┏━━

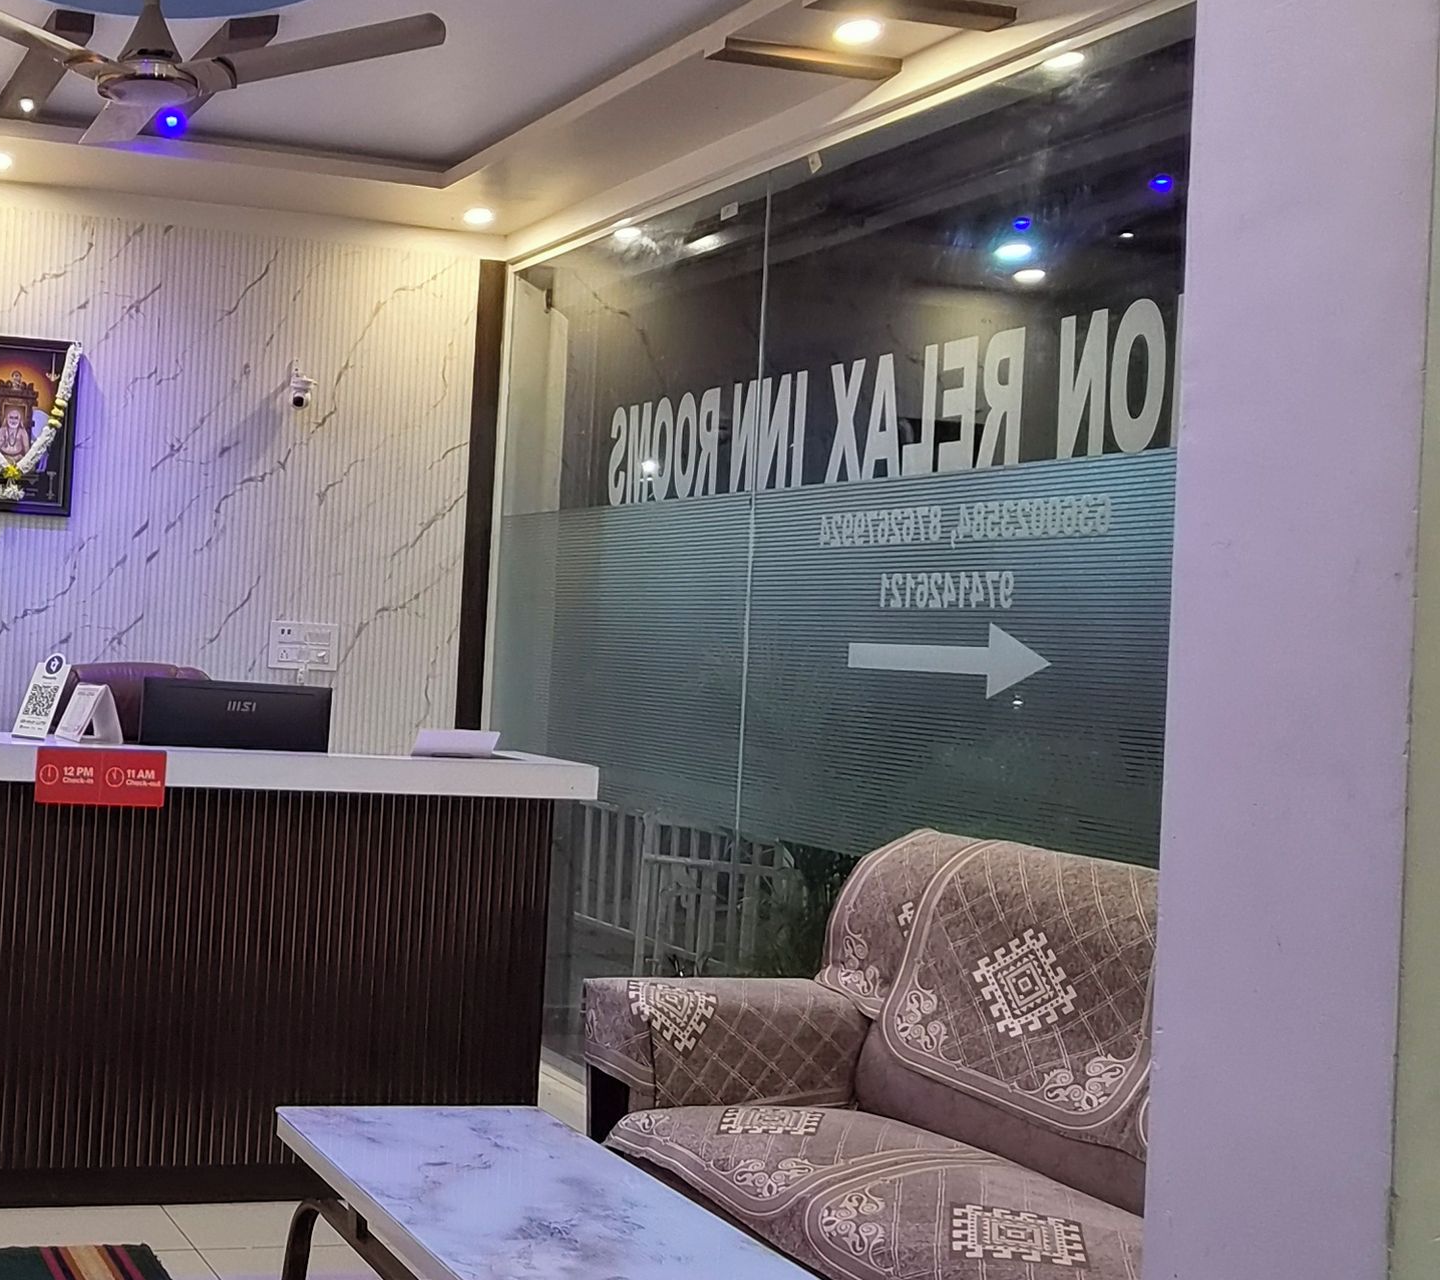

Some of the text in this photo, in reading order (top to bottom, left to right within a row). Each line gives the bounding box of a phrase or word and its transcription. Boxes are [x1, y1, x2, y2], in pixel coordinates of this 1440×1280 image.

[63, 766, 94, 777] 12 PM
[126, 769, 155, 780] 11 AM
[62, 776, 94, 784] Check-in
[125, 779, 161, 787] Check-out
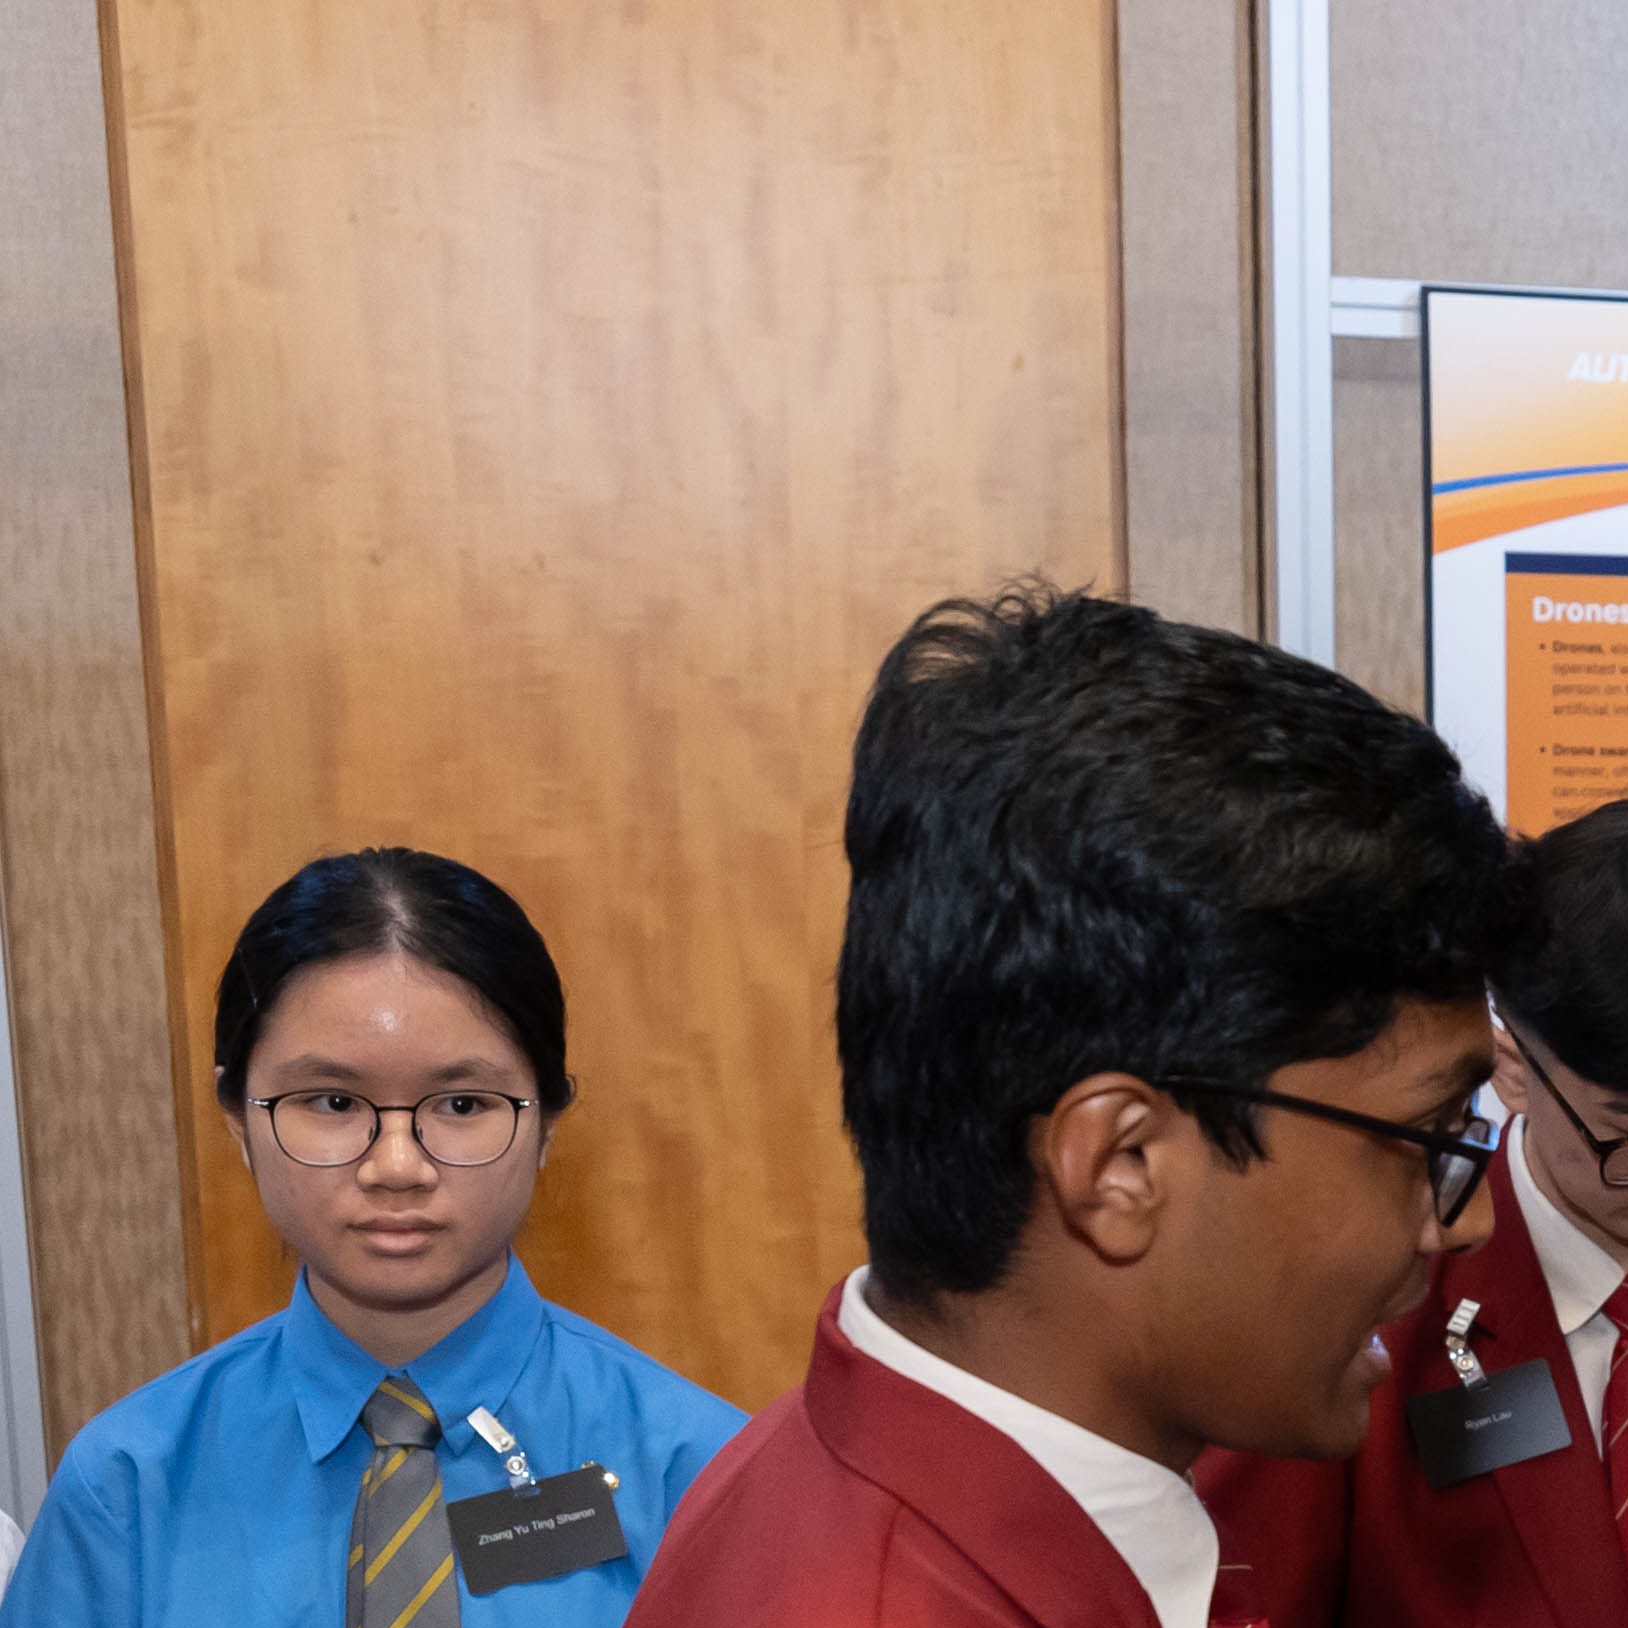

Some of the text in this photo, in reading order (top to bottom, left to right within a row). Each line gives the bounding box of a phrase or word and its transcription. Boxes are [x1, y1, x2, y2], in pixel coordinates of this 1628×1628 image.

[478, 1507, 596, 1546] Zhang Yu Ting Sharon

┗━━

● EXERCISE DIRECTIONS: Return the full material word for word. Do not include the pictures.

● YOUR SOLUTION:
Some of the text in this photo, in reading order (top to bottom, left to right within a row). Each line gives the bounding box of a phrase or word and its transcription. Boxes are [x1, y1, x2, y2], in pixel coordinates of this 1440×1280 image.

[63, 766, 94, 777] 12 PM
[126, 769, 155, 780] 11 AM
[62, 776, 94, 784] Check-in
[125, 779, 161, 787] Check-out

Some of the text in this photo, in reading order (top to bottom, left to right within a row). Each line gives the bounding box of a phrase or word and its transcription. Boxes are [x1, y1, x2, y2], in pixel coordinates of this 1628×1628 image.

[478, 1507, 596, 1546] Zhang Yu Ting Sharon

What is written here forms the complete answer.